> Task goal: Every record is to be restated exactly, with nothing left out.

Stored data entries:
########
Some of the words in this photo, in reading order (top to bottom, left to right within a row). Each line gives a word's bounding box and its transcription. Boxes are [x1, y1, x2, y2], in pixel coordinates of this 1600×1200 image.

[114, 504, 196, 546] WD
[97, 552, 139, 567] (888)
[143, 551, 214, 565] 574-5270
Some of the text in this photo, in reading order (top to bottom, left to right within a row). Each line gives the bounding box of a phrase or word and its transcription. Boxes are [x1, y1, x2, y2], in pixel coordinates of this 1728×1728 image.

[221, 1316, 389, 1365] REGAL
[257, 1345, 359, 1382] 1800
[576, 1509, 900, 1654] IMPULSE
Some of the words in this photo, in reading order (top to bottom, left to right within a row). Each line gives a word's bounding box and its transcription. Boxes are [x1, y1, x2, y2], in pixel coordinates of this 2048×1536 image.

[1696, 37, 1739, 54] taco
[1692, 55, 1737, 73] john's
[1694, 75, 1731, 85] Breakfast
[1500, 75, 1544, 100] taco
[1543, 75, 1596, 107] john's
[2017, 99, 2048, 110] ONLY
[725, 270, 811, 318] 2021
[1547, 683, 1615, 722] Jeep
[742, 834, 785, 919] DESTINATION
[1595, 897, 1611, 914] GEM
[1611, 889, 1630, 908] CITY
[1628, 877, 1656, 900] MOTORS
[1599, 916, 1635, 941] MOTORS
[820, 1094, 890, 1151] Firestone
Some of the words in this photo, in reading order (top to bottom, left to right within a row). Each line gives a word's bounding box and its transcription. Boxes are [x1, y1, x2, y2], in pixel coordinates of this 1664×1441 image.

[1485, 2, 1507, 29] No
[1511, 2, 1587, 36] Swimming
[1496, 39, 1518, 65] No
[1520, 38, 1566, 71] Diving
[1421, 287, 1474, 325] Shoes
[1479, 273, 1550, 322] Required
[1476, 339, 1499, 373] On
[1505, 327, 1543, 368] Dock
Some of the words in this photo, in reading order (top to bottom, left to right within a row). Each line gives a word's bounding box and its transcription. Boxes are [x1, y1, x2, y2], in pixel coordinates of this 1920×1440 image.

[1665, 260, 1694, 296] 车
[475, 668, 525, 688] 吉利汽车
########
> Exercise response:
Some of the words in this photo, in reading order (top to bottom, left to right within a row). Each line gives a word's bounding box and its transcription. Boxes are [x1, y1, x2, y2], in pixel coordinates of this 1600×1200 image.

[114, 504, 196, 546] WD
[97, 552, 139, 567] (888)
[143, 551, 214, 565] 574-5270
Some of the text in this photo, in reading order (top to bottom, left to right within a row). Each line gives the bounding box of a phrase or word and its transcription. Boxes are [x1, y1, x2, y2], in pixel coordinates of this 1728×1728 image.

[221, 1316, 389, 1365] REGAL
[257, 1345, 359, 1382] 1800
[576, 1509, 900, 1654] IMPULSE
Some of the words in this photo, in reading order (top to bottom, left to right within a row). Each line gives a word's bounding box and its transcription. Boxes are [x1, y1, x2, y2], in pixel coordinates of this 2048×1536 image.

[1696, 37, 1739, 54] taco
[1692, 55, 1737, 73] john's
[1694, 75, 1731, 85] Breakfast
[1500, 75, 1544, 100] taco
[1543, 75, 1596, 107] john's
[2017, 99, 2048, 110] ONLY
[725, 270, 811, 318] 2021
[1547, 683, 1615, 722] Jeep
[742, 834, 785, 919] DESTINATION
[1595, 897, 1611, 914] GEM
[1611, 889, 1630, 908] CITY
[1628, 877, 1656, 900] MOTORS
[1599, 916, 1635, 941] MOTORS
[820, 1094, 890, 1151] Firestone
Some of the words in this photo, in reading order (top to bottom, left to right within a row). Each line gives a word's bounding box and its transcription. Boxes are [x1, y1, x2, y2], in pixel coordinates of this 1664×1441 image.

[1485, 2, 1507, 29] No
[1511, 2, 1587, 36] Swimming
[1496, 39, 1518, 65] No
[1520, 38, 1566, 71] Diving
[1421, 287, 1474, 325] Shoes
[1479, 273, 1550, 322] Required
[1476, 339, 1499, 373] On
[1505, 327, 1543, 368] Dock
Some of the words in this photo, in reading order (top to bottom, left to right within a row). Each line gives a word's bounding box and its transcription. Boxes are [x1, y1, x2, y2], in pixel coordinates of this 1920×1440 image.

[1665, 260, 1694, 296] 车
[475, 668, 525, 688] 吉利汽车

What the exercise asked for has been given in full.